Aber sie beachtete ihn nicht, denn Georgie hatte absichtlich auf Allies Teller ein Stück Biskuit an eine Scheibe Pökelfleisch gedrückt, was einen lautstarken Aufruhr entfesselte. Taylor versuchte, den einen Zwilling zu beruhigen und gleichzeitig dem anderen eine Lektion zu erteilen.
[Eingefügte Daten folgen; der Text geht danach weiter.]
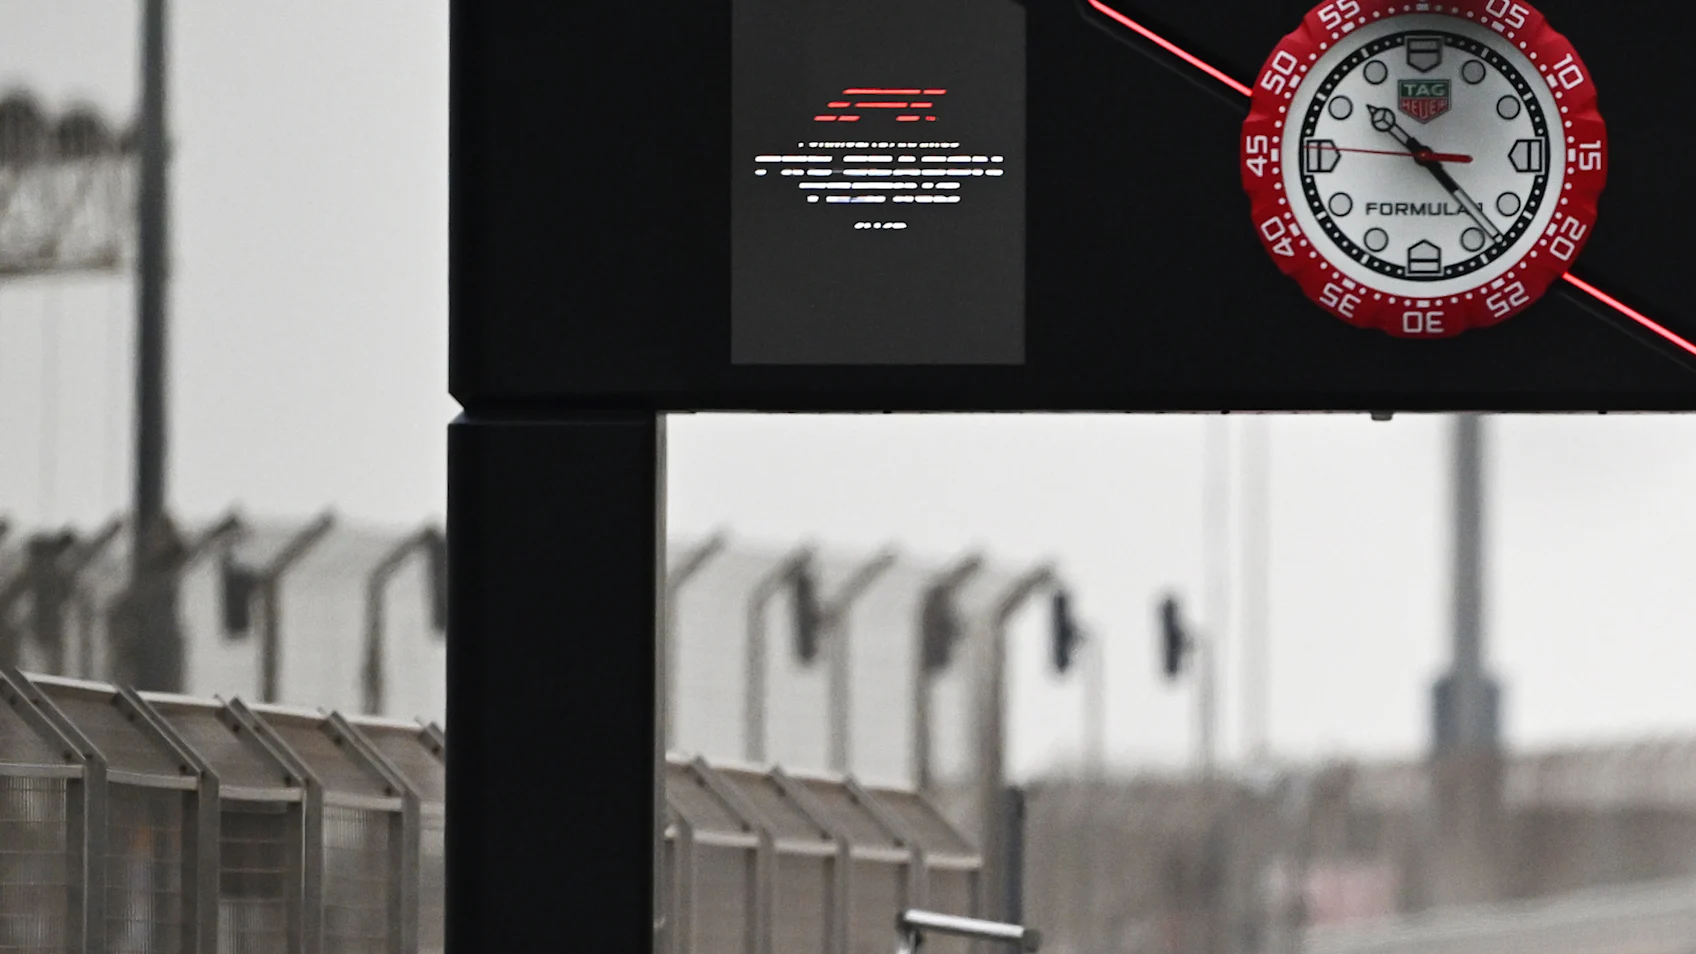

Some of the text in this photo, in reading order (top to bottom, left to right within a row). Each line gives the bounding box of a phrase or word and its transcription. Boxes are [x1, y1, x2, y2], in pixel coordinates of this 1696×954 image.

Während Allie eine Atempause einlegte, ehe sie erneut zu brüllen anfing, verkündete Lucas hastig seine große Neuigkeit. »Wir bleiben alle hier, bis Victoria ihr Baby bekommt. Dann reisen wir ab.« Als er Taylors strahlendes Lächeln sah, erklärte er: »Das bedeutet keineswegs, daß ich’s mir anders überlegt habe. Wir werden die Kinder nicht hier aufziehen.«
»Nein, natürlich nicht.«
»Das wäre zu gefährlich. Außerdem bist du viel zu schwach, um die Schwierigkeiten zu meistern, die ein primitives Leben in der Wildnis mit sich bringt. Im Herbst übersiedeln wir in eine Großstadt.«
»Aber du haßt Großstädte.«
»Ich werde mich dran gewöhnen.«
Nur mühsam bezwang sie ihren Ärger. »Denkst du an eine bestimmte Stadt?«
»Wir fahren wieder in den Osten.«
Nachdem sie eine Weile auf nähere Erklärungen gewartet hatte, betonte sie: »Ich bin nicht schwach, Lucas.«
Darauf ging er nicht ein. »Im Herbst verlassen wir Redemption. Also brauchst du dich erst gar nicht häuslich einzurichten.«
Lächelnd beteuerte sie, das habe sie nicht vor.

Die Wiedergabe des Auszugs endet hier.